Figure 6. CBI-arg electromigration time as a function of BGE pH. BGE: 2 wt % S-β-CD, 25 mM phosphate. Each data point is an average (n ) 3).

Finally, as pH is increased, CBI-arg migration time dramatically increases, in contrast to the nonbasic CBI-amino acids (Figure 6). This increase in migration time with pH can be attributed to changes in the degree of ionization of the CBI-arg carboxylic acid group with increasing pH. Indeed, at pH 3.5, CBI-arg is approaching a neutral, zwitterionic form with decreased electrostatic interaction with S-β-CD, and its migration time approaches that of nonbasic CBI-amino acids at pH 2.00. The impact of phosphate buffer concentration on resolution is shown in Figure 7. Increasing phosphate concentration beyond 25 mM is detrimental to resolution for three of the four CBI-amino acid pairs shown. In summary, we chose a BGE of 2 wt % S-β-CD, 25 mM phosphate, pH 2.00 for application to other CBI-amino acid pairs.
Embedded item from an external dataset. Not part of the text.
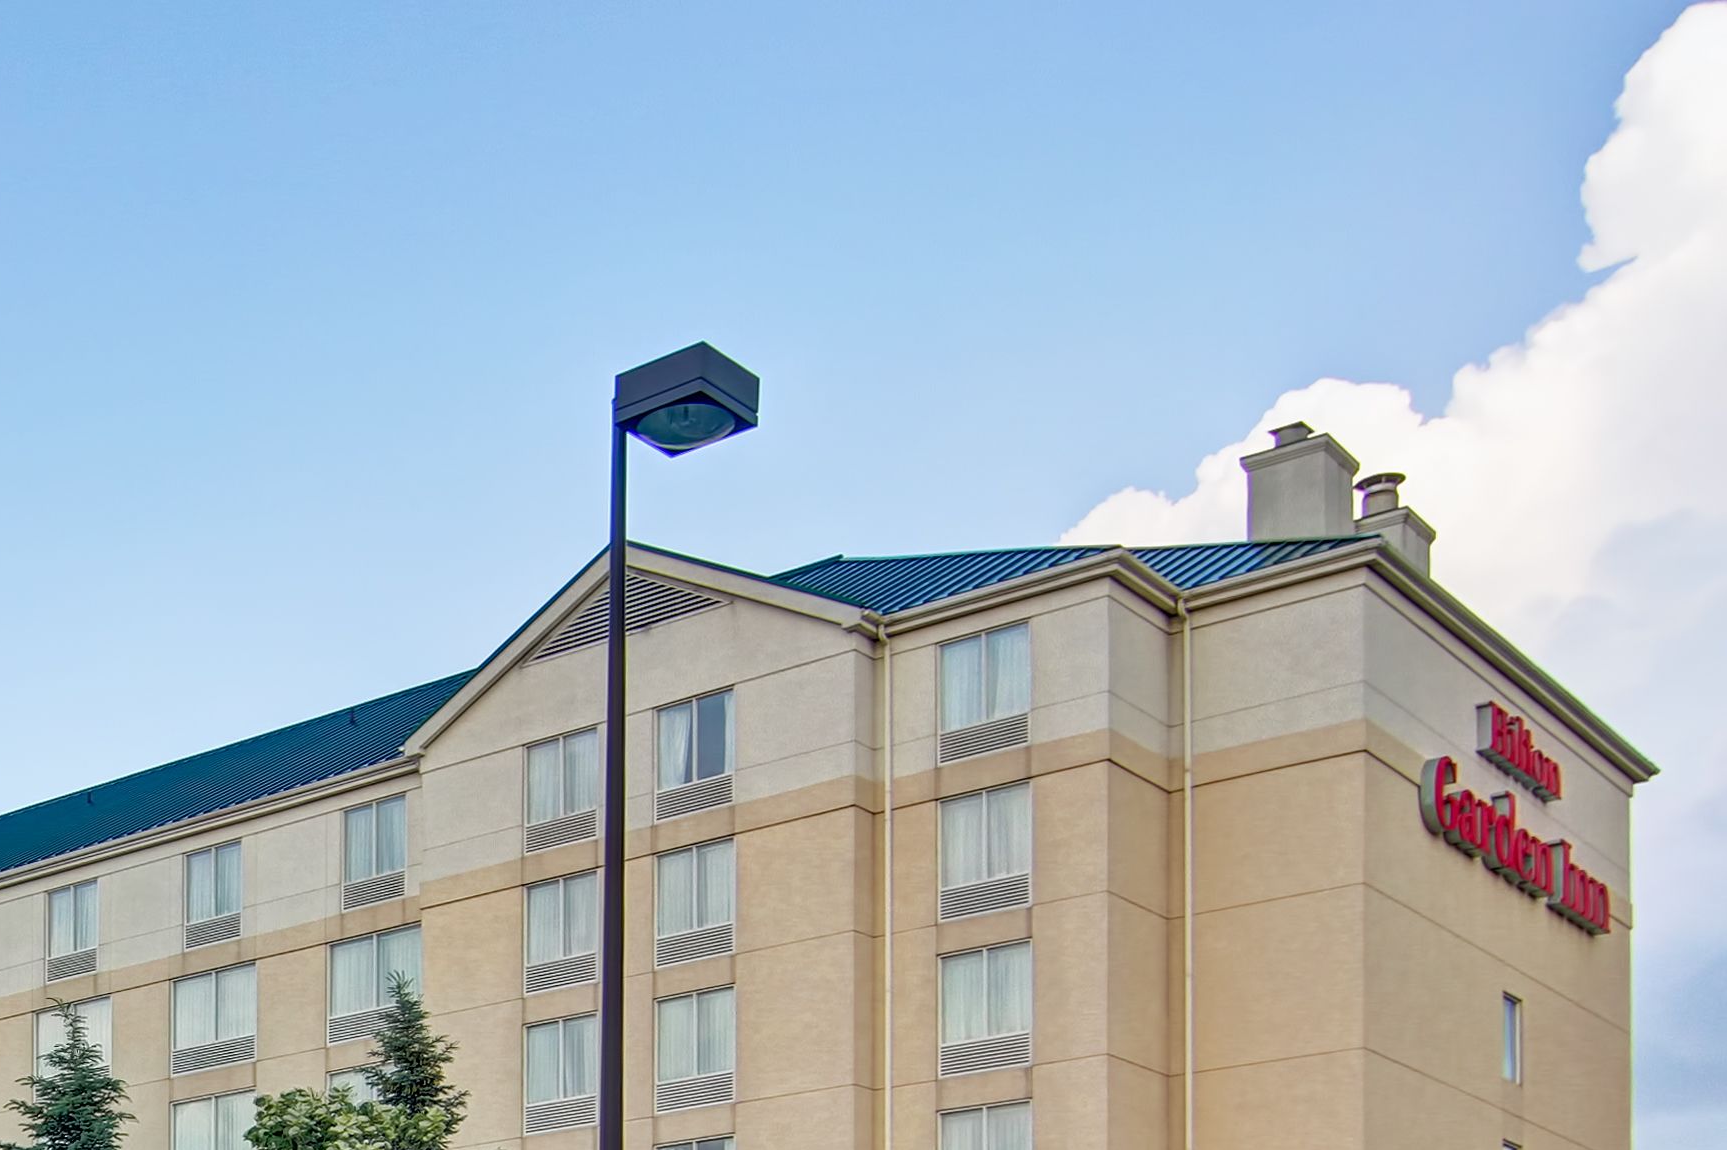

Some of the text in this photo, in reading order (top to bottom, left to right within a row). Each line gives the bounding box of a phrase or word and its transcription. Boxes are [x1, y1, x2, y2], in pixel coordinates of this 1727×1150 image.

Using a fused-silica capillary of 25 µm i.d. × 70 cm (45 cm effective) and a separation voltage of -30 kV, currents were typically ∼30 µA. An Ohm’s law plot revealed a linear relationship between current (µA) and voltage over the range of 5-30 kV (Correlation coefficient, R2 ) 0.991) demonstrating that Joule heating should not be a significant factor at an operating current of 30 µA.33 (33) Weinberger, R. Practical Capillary Electrophoresis, 2nd ed., Academic Press: San Diego, 2000.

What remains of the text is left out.